__Brief__: Transcribe every entry word for word, but skip the images.
*** Exercise data ***
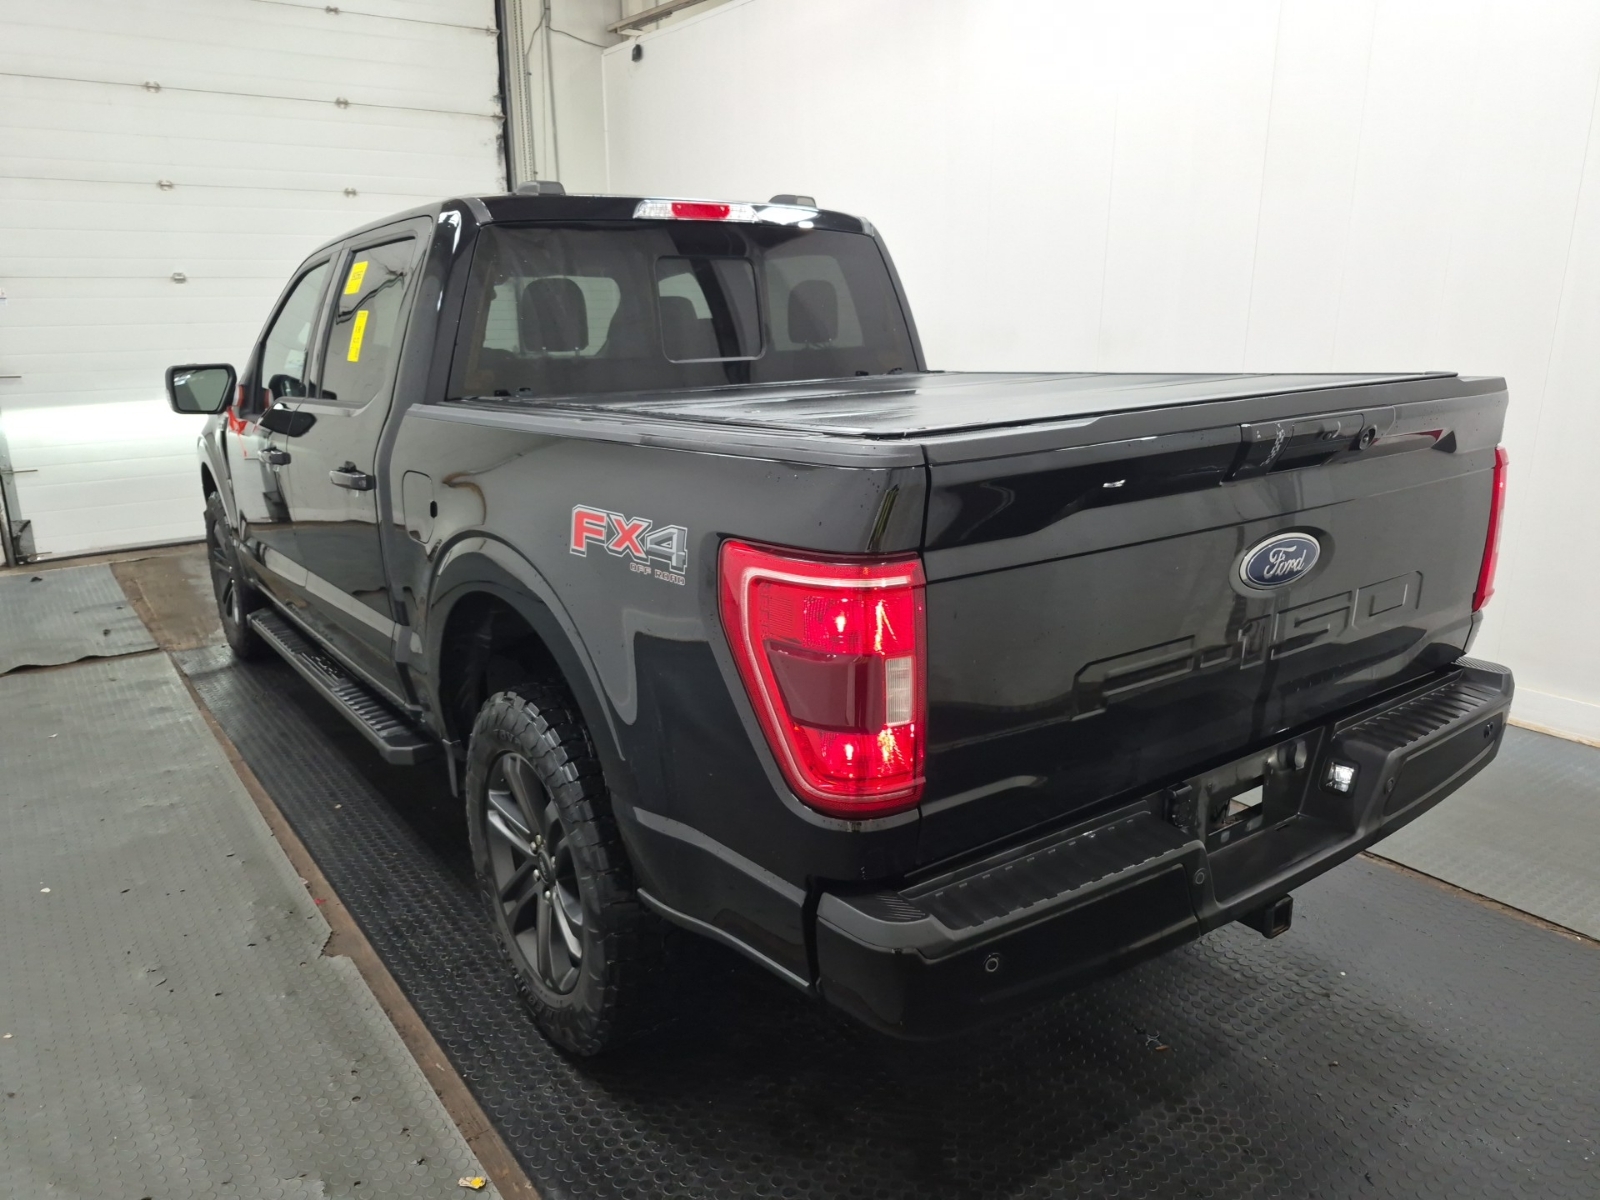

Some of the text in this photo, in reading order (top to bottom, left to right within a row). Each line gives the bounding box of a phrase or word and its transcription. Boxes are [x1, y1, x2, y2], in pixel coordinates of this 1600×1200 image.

[570, 504, 688, 575] FX4
[629, 562, 686, 586] OFF ROAD
[1263, 545, 1307, 579] Ford
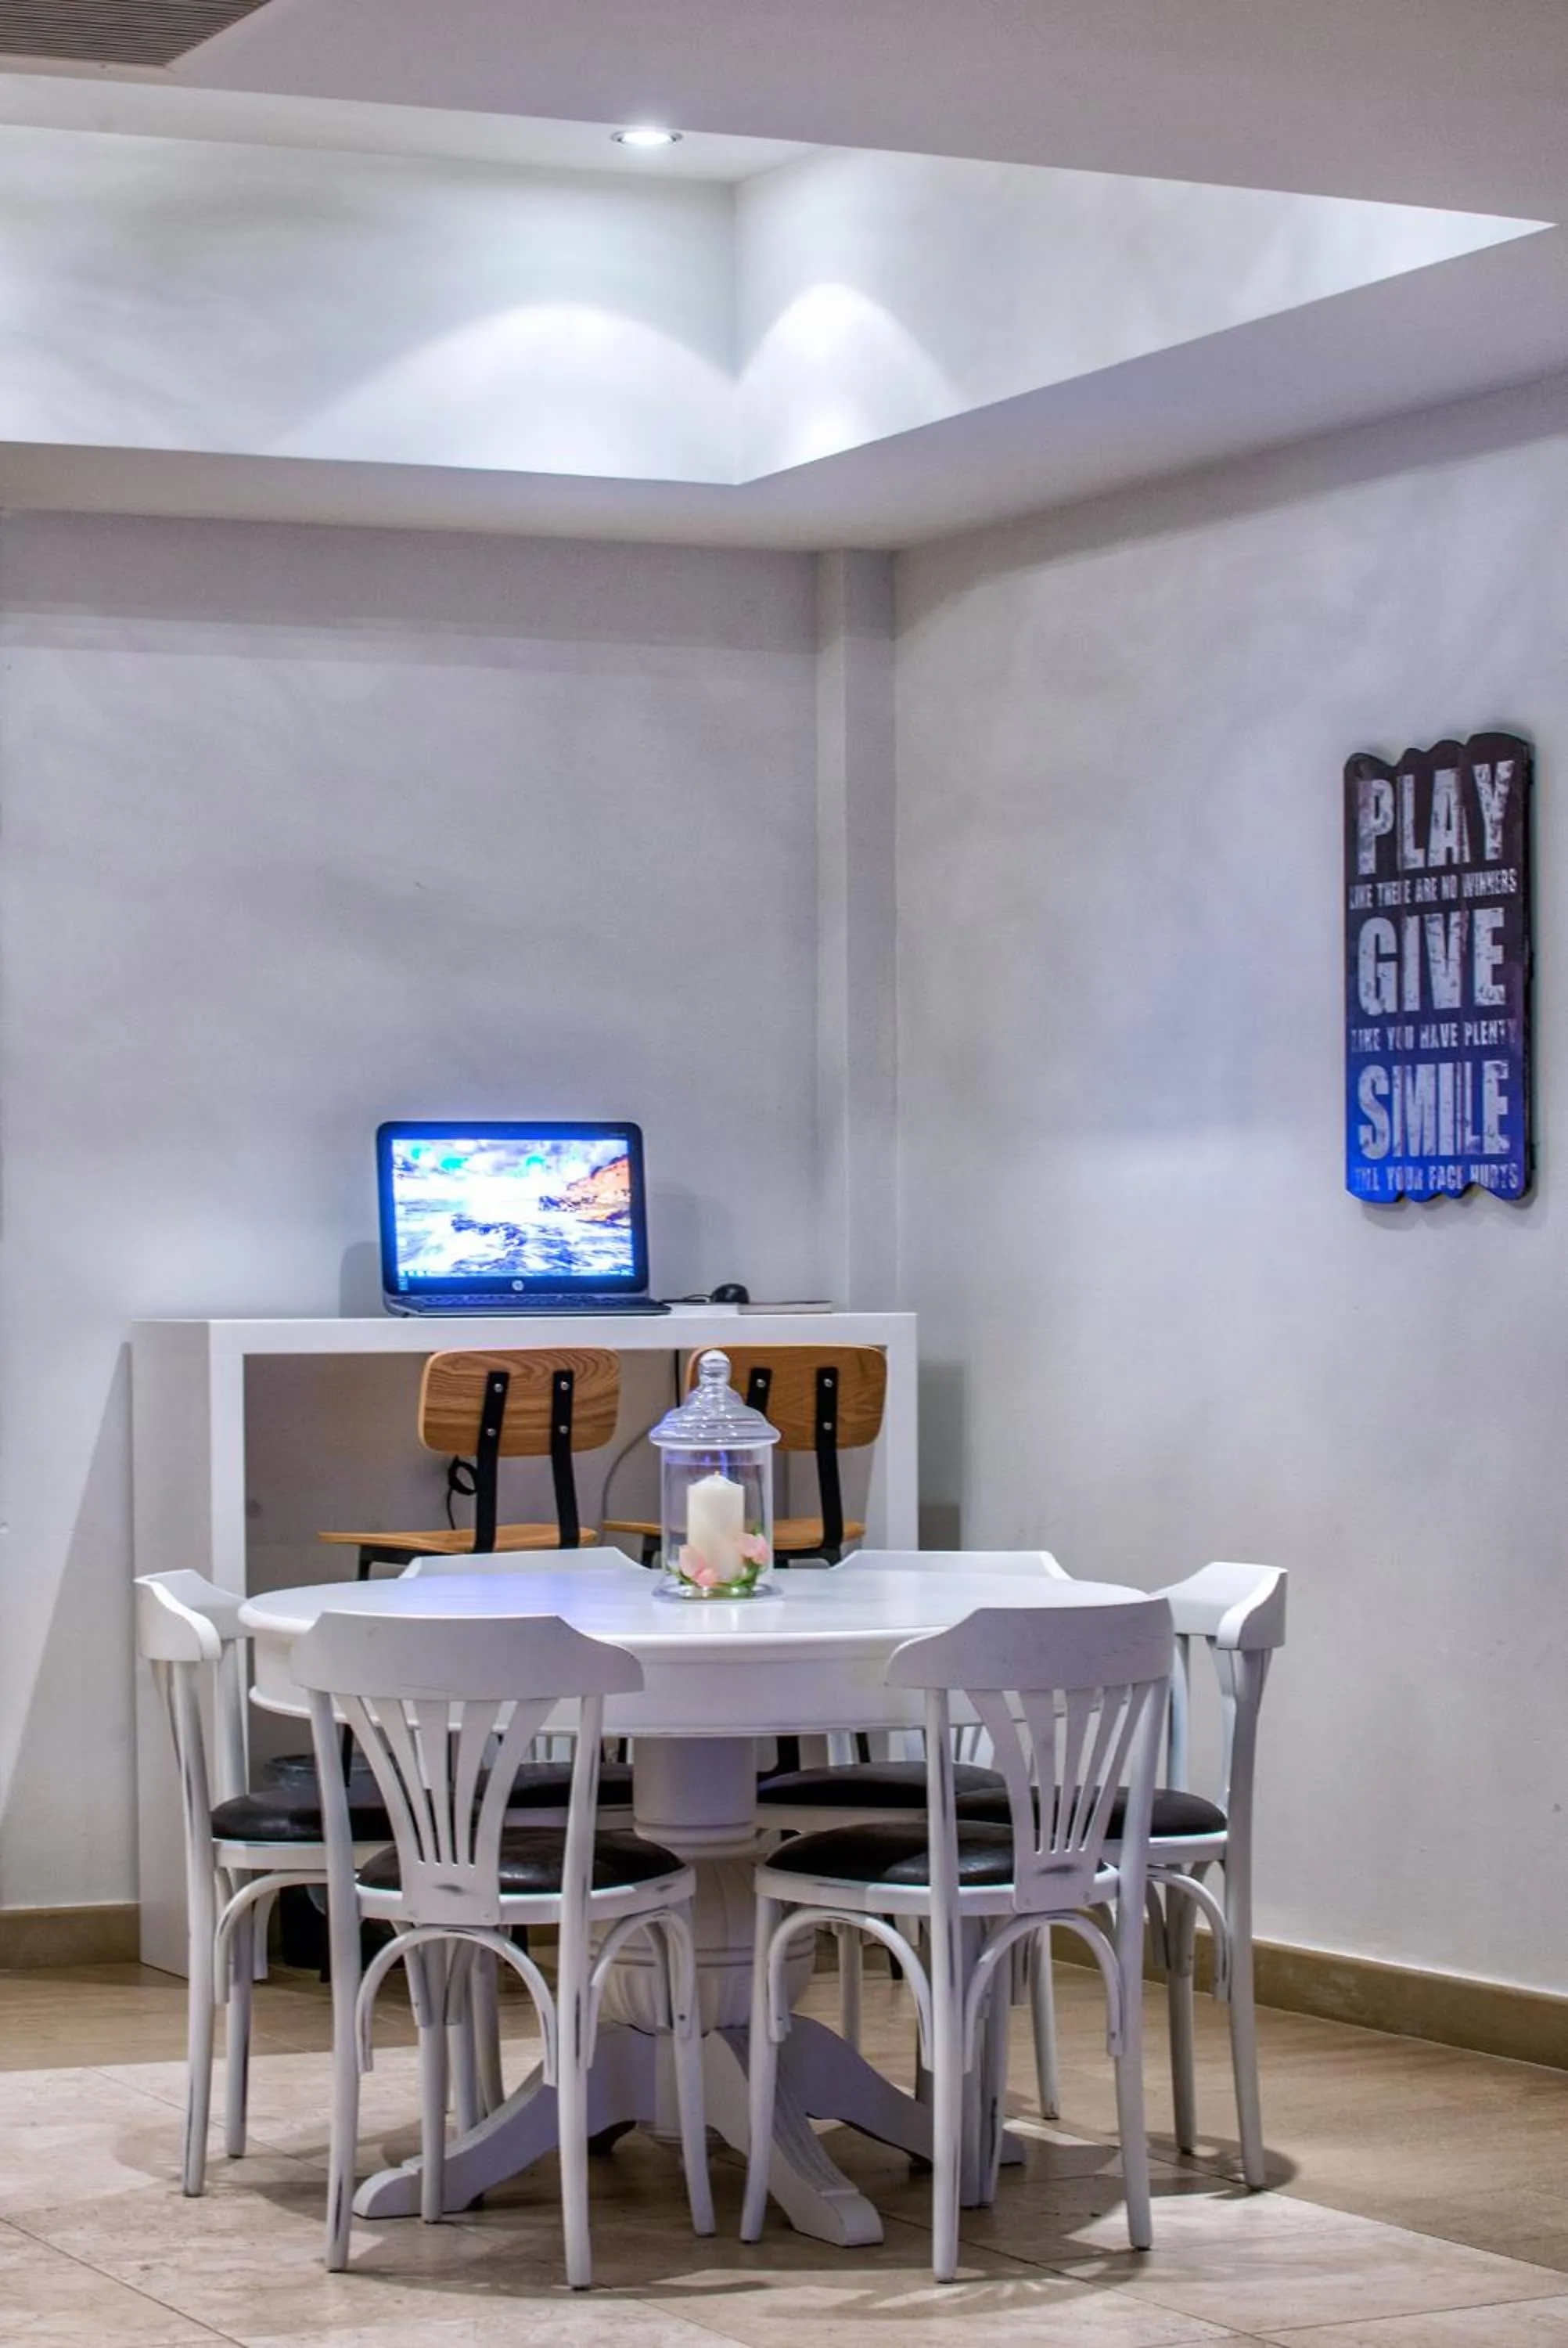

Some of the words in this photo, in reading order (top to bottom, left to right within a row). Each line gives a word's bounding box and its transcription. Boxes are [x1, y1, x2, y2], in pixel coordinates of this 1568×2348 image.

[1358, 760, 1515, 876] PLAY
[1415, 877, 1437, 902] ARE
[1441, 874, 1458, 900] NO
[1462, 868, 1517, 898] WINNERS
[1358, 907, 1505, 1016] GIVE
[1386, 1025, 1414, 1051] YOU
[1420, 1023, 1458, 1049] HAVE
[1358, 1060, 1511, 1160] SMILE
[1386, 1165, 1423, 1190] YOUR
[1429, 1164, 1462, 1190] FACE
[1469, 1163, 1518, 1189] HURTS
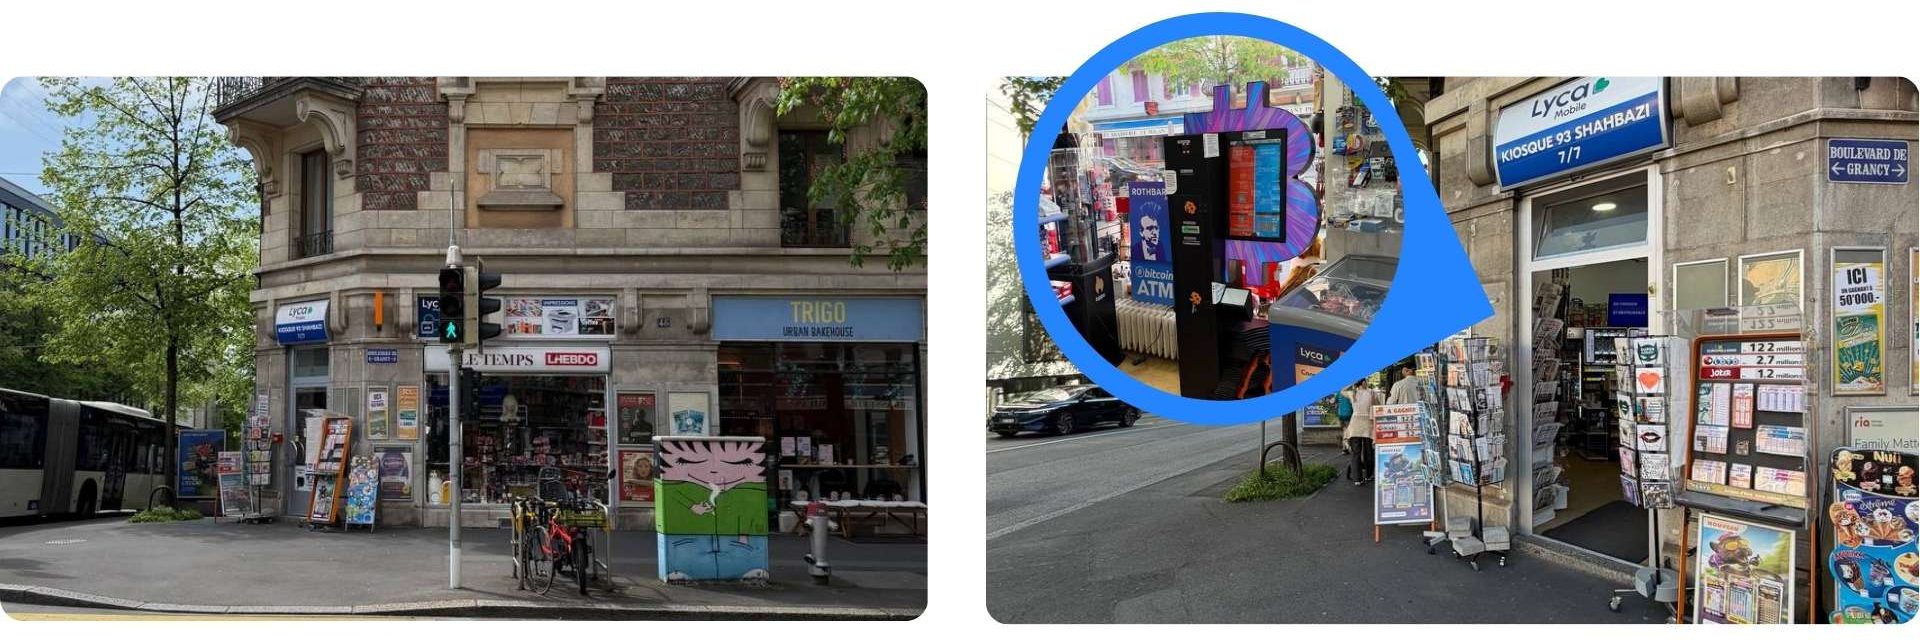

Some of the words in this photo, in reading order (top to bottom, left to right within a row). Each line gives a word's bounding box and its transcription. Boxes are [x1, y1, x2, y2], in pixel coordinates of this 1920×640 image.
*** End of Exercise data ***
__Answer to the exercise__:
Some of the text in this photo, in reading order (top to bottom, left to right within a row). Each line gives the bounding box of a phrase or word and its transcription. Boxes are [x1, y1, x2, y2], in pixel coordinates of this 1600×1200 image.

[570, 504, 688, 575] FX4
[629, 562, 686, 586] OFF ROAD
[1263, 545, 1307, 579] Ford

Some of the words in this photo, in reading order (top to bottom, left to right within a row). Each line gives a word's bounding box and its transcription. Boxes are [x1, y1, x2, y2], in pixel coordinates of this 1568×2348 image.

[1358, 760, 1515, 876] PLAY
[1415, 877, 1437, 902] ARE
[1441, 874, 1458, 900] NO
[1462, 868, 1517, 898] WINNERS
[1358, 907, 1505, 1016] GIVE
[1386, 1025, 1414, 1051] YOU
[1420, 1023, 1458, 1049] HAVE
[1358, 1060, 1511, 1160] SMILE
[1386, 1165, 1423, 1190] YOUR
[1429, 1164, 1462, 1190] FACE
[1469, 1163, 1518, 1189] HURTS

Some of the words in this photo, in reading order (top to bottom, left to right within a row). Each line gives a word's bounding box and its transcription. Boxes are [x1, y1, x2, y2], in pixel coordinates of this 1920×640 image.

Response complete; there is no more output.